It’s an paradox, but without light and without water, Cubans look in their shop windows for clothes, canned food, the money that is not abundant, and they give it away without further ado, without proof of good conduct, without photos for the press, because they do not seek any certificate; they give away not what they have left over, they share what they have. It does not matter if they are Christians or communists (or Christian communists); What counts in times like this is that they are Cubans. People shaped by the Revolution. Suddenly the electricity came back on in some urban centers, and while the counter spread fake news to provoke discontent, the people, calm, trusted. Sometimes, the fake news was terrifying: the dam's dike broke —they announced— and the desperate residents gathered their loved ones and fled the place. Someone testified: while some flee from the place, Chapman advances towards the dam. Why does the counterrevolution have to lie, to fabricate fake news? Isn't it proof of its double orphanhood: of arguments and ethics?

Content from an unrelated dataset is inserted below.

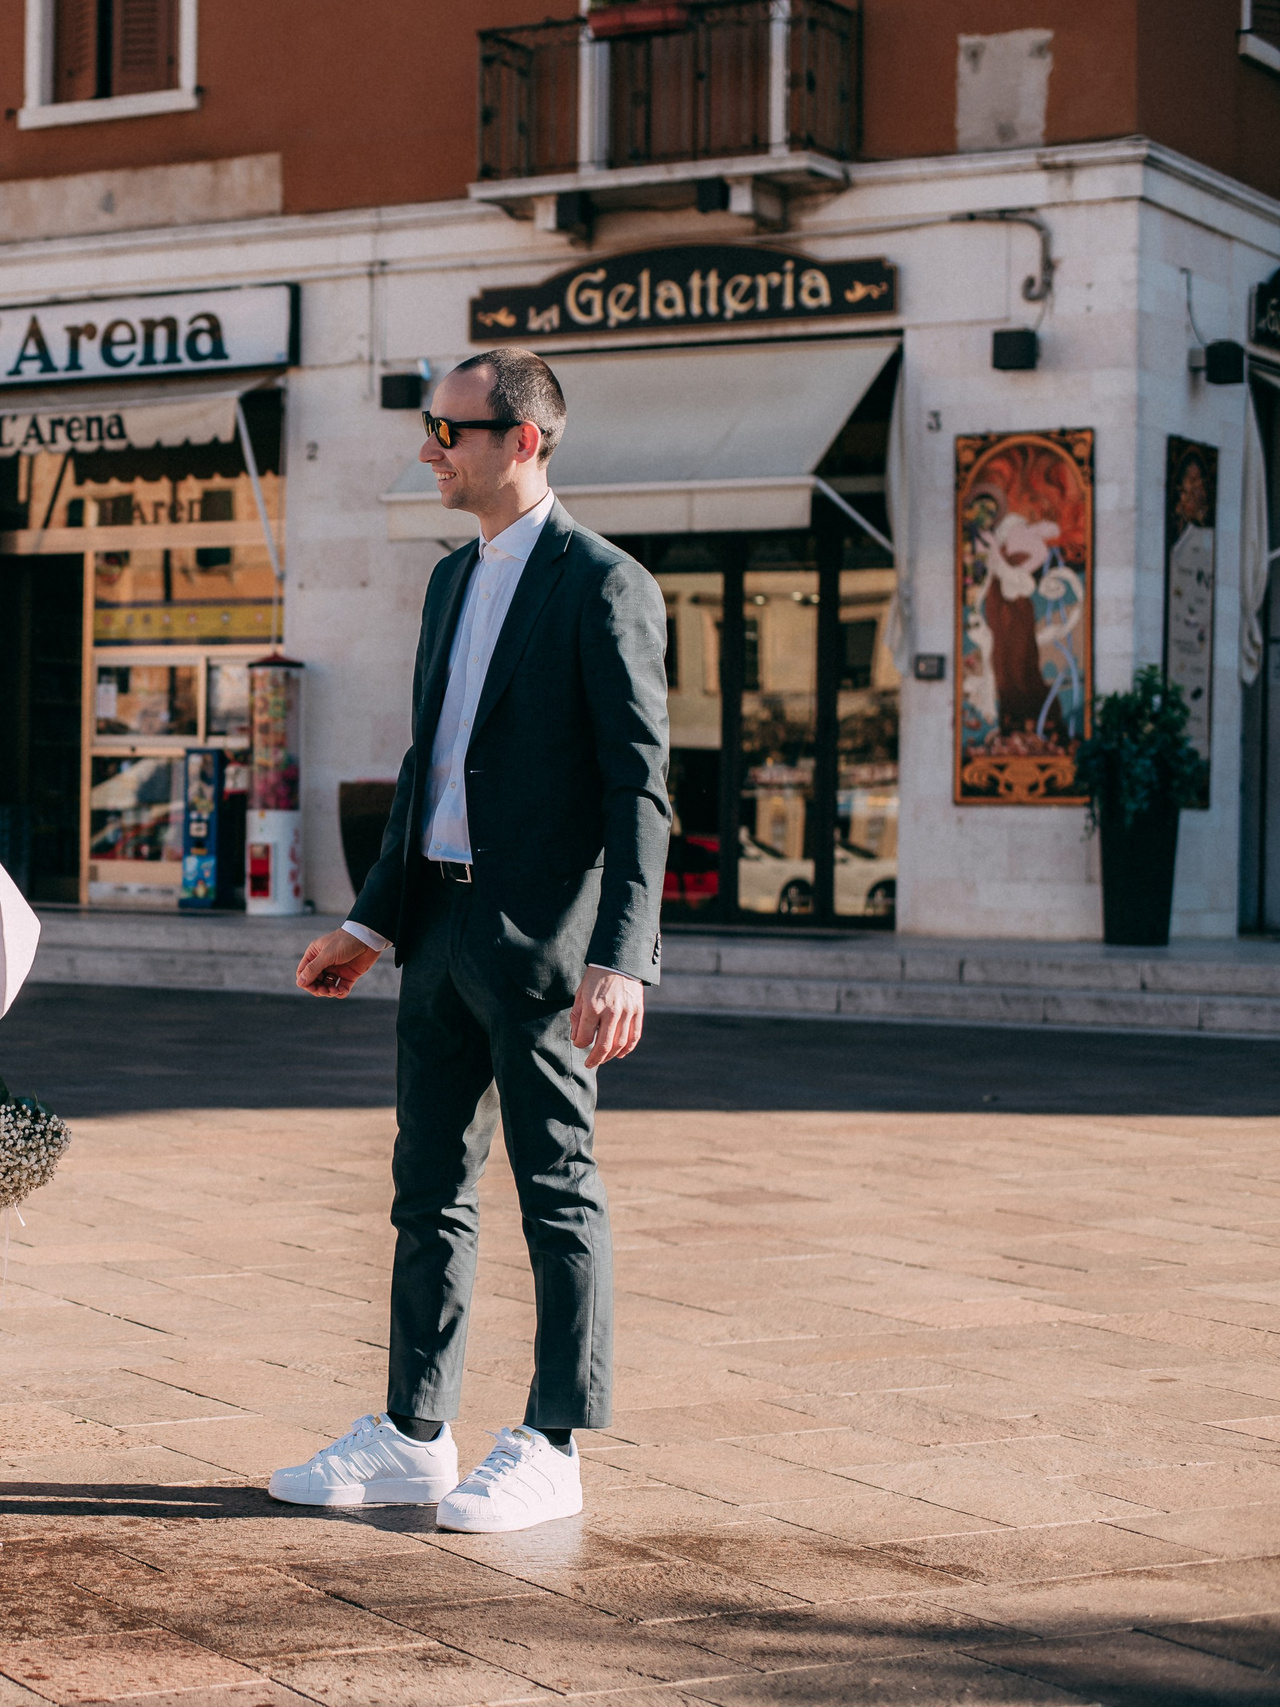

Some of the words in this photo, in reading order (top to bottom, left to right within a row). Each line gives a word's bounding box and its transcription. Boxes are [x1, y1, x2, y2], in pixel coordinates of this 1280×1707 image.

[565, 259, 833, 328] Gelatteria
[926, 410, 942, 432] 3
[306, 441, 319, 461] 2

Everything falls like a waterfall, one event drags the other, the waterfall is inevitable. The Revolution is alive, it beats in every donation, in every anonymous delivery; the war, now visible, cannot divide us. An admired journalist wrote: it’s a new October Crisis that we are living. I don't know, that reference was too media-driven, too apocalyptic. There are no nuclear bombs at stake, although perhaps there are, the world is very small. It fits in the palm of God's hand. While in the Middle East, Israel, with the complicity of the United States, launches rockets on Palestine, Lebanon, Iran, and Syria. Nuclear weapons await the first madman, or desperate person, or fascist, who will activate them. Never carry a gun on the side if you don’t intend to use it. What will happen next? I will not change the subject, Palestine is Cuba, or vice versa. Does anyone think that it can isolate itself, that it can draw a protective circle of ashes? The point I want to emphasize is that Cuba, that is, the Cuban Revolution, lives and faces an open war, and all Cubans are on the trenches, in that of the Homeland, or in that of the Invader.

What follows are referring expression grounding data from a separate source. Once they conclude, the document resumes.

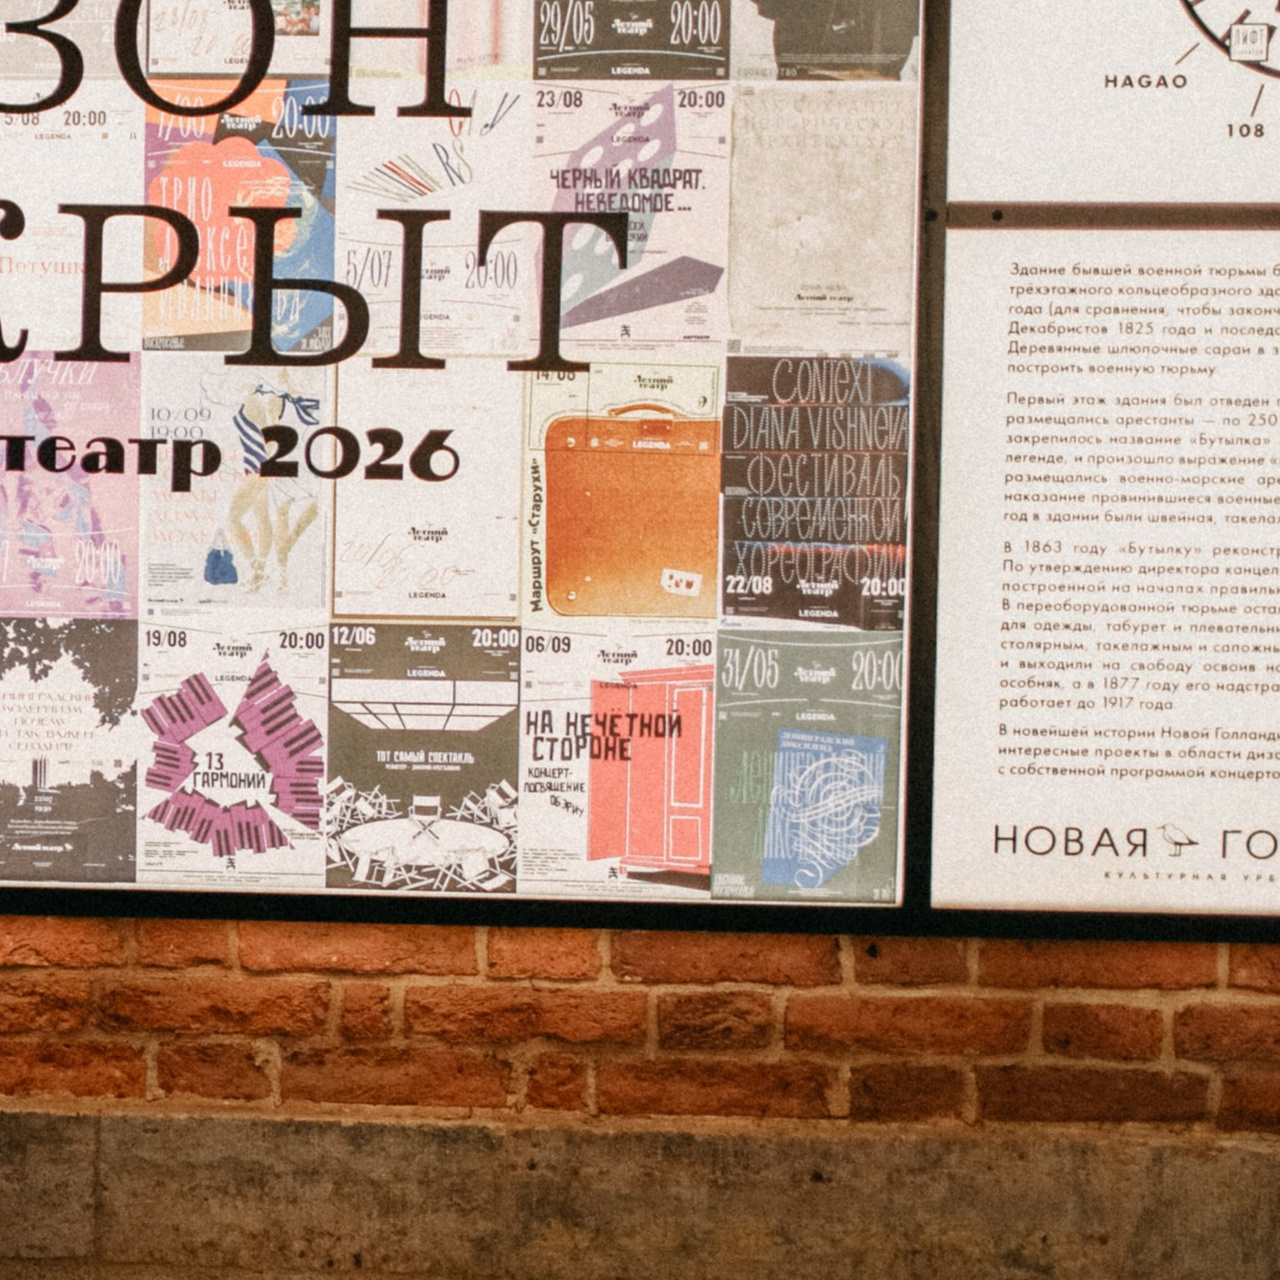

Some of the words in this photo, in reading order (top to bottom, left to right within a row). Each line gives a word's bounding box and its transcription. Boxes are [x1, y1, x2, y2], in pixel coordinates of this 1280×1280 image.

[671, 0, 720, 44] 20:00
[612, 67, 650, 75] LEGENDA
[1105, 75, 1188, 88] HAGAO
[536, 90, 583, 107] 23/08
[678, 91, 725, 108] 20:00
[63, 111, 106, 126] 20:00
[1228, 124, 1264, 138] 108
[550, 164, 620, 189] ЧЕРНЫЙ
[1011, 262, 1066, 276] Здание
[1073, 263, 1131, 275] бывшей
[1138, 264, 1201, 275] военной
[1209, 267, 1266, 280] тюрьмы
[1119, 283, 1252, 297] кольцеобразного
[1009, 304, 1042, 316] года
[1049, 303, 1079, 317] (для
[1177, 304, 1221, 315] чтобы
[1008, 321, 1108, 335] Декабристов
[1119, 322, 1153, 335] 1825
[1162, 325, 1195, 336] года
[1008, 341, 1100, 355] Деревянные
[1108, 345, 1197, 355] шлюпочные
[1205, 346, 1250, 357] сараи
[1007, 364, 1083, 375] построить
[1089, 365, 1154, 376] военную
[1007, 392, 1064, 406] Первый
[1072, 396, 1106, 404] этаж
[1115, 397, 1166, 406] здания
[1174, 394, 1202, 405] был
[1210, 398, 1269, 407] отведен
[733, 406, 799, 449] DIANA
[632, 441, 671, 449] LEGENDA
[1006, 436, 1101, 446] закрепилось
[1110, 436, 1181, 445] название
[1190, 433, 1270, 448] «Бутылка»
[259, 424, 460, 482] 2026
[528, 459, 543, 534] «Старухи»
[1025, 541, 1062, 553] 1863
[1074, 545, 1107, 556] году
[1119, 543, 1202, 556] «Бутылку»
[530, 539, 543, 612] Маршрут
[1004, 560, 1023, 572] По
[1030, 563, 1132, 574] утверждению
[1138, 564, 1219, 576] директора
[726, 575, 772, 594] 22/08
[861, 577, 906, 596] 20:00
[408, 591, 446, 599] LEGENDA
[799, 610, 838, 618] LEGENDA
[146, 630, 187, 647] 19/08
[279, 632, 325, 649] 20:00
[332, 627, 376, 645] 12/06
[472, 629, 519, 647] 20:00
[526, 636, 571, 652] 06/09
[666, 639, 712, 655] 20:00
[407, 669, 446, 677] LEGENDA
[722, 646, 779, 690] 31/05
[1103, 678, 1139, 689] 1877
[1146, 681, 1178, 693] году
[1186, 682, 1210, 691] его
[526, 710, 553, 735] НА
[566, 708, 682, 738] НЕЧЁТНОЙ
[796, 712, 835, 720] LEGENDA
[1013, 725, 1088, 737] новейшей
[1094, 728, 1155, 740] истории
[1161, 727, 1209, 740] Новой
[533, 733, 631, 761] СТОРОНЕ
[998, 747, 1089, 758] интересные
[1095, 747, 1159, 759] проекты
[1179, 746, 1241, 759] области
[205, 752, 224, 770] 13
[377, 750, 391, 763] ТОТ
[394, 750, 426, 763] САМЫЙ
[428, 752, 474, 764] СПЕКТАКЛЬ
[193, 772, 266, 789] ГАРМОНИИ
[528, 768, 573, 778] КОНЦЕРТ-
[524, 781, 585, 792] ПОСВЯЩЕНИЕ
[994, 824, 1147, 858] НОВАЯ
[1222, 830, 1278, 860] ГО
[1104, 872, 1227, 880] КУЛЬТУРНАЯ

The French-Iranian activist, filmmaker and cartoonist Marjane Satrapi, this year's winner of the Princess of Asturias Award for Communication and Humanities, used, I hope reluctantly, as a piece in the demonisation of Iran, even though she understands its gender demands, expressed an idea which I share in her acceptance speech: “I have long believed that the key to any human be able to live with dignity, to never suffer brutality or humiliation because of their sex, ethnicity or skin color, was education. But didn't Goebbels have a PhD in philosophy? Hadn't Dr Mengele taken the Hippocratic Oath? Are we wrong when we define education? Perhaps before educating our children to be economically and socially successful, we should teach them that true success lies above all in humanism.”

Now that UNEAC Congress will take place in a few days, in particularly difficult circumstances for the country, and I would say, for the planet, at a time when fascism seems to be returning, raised even by its former Ukrainian and Jewish victims, among others, and by those who intend to use them again to reconquer territories or expel citizens from different countries because  of their skin-colors, her words make more sense.

Knowledge does not save us. The bookish erudition that José Martí renounced and warned about does not save us. Cuban intellectuals have the obligation to get involved in the most fair causes, those of Cuba and of the world, to tread on the dust and mud of life, to bring together in a single beam of light truth, justice and beauty. Only the Homeland, which is “that portion of humanity that we see more closely and in which we were born,” according to Martí, saves us. The light of a city can go out or light up, but the small flame that appears in our eyes cannot die in us; that is the light within, the one that saves us. May the poet Sigfredo Ariel forgive me for the free interpretation of his verses (that’s what poetry is for):

These days will be imagined
by the gods and the adolescents who will ask for these days
for them. And the names and dates will be erased
and our blunders
and the light will remain, bro, the light
and nothing else.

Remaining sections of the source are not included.